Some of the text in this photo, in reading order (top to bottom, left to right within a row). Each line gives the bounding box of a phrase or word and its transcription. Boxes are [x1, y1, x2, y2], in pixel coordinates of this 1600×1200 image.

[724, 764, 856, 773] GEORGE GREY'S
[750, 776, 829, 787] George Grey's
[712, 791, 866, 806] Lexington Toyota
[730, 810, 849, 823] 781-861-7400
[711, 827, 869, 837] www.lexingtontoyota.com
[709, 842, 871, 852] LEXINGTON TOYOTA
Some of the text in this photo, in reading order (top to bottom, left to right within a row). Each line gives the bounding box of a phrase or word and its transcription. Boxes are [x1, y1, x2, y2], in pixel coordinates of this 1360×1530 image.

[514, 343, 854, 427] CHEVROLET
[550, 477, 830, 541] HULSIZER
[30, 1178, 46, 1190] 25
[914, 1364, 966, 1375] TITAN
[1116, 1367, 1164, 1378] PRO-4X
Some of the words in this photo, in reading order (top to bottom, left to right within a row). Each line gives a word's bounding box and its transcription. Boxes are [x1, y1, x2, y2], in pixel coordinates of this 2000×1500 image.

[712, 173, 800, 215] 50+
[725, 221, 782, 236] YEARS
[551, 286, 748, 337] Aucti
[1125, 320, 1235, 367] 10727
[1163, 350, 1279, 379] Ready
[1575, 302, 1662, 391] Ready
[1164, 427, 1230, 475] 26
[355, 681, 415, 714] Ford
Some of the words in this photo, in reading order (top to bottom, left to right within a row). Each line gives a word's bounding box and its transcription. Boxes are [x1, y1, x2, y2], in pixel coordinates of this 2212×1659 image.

================

> Action item: Repeat word for word each line from the one with "this 2000×1500 image." to the end of the records above, inclusive.

> Exercise response:
Some of the words in this photo, in reading order (top to bottom, left to right within a row). Each line gives a word's bounding box and its transcription. Boxes are [x1, y1, x2, y2], in pixel coordinates of this 2000×1500 image.

[712, 173, 800, 215] 50+
[725, 221, 782, 236] YEARS
[551, 286, 748, 337] Aucti
[1125, 320, 1235, 367] 10727
[1163, 350, 1279, 379] Ready
[1575, 302, 1662, 391] Ready
[1164, 427, 1230, 475] 26
[355, 681, 415, 714] Ford
Some of the words in this photo, in reading order (top to bottom, left to right within a row). Each line gives a word's bounding box and its transcription. Boxes are [x1, y1, x2, y2], in pixel coordinates of this 2212×1659 image.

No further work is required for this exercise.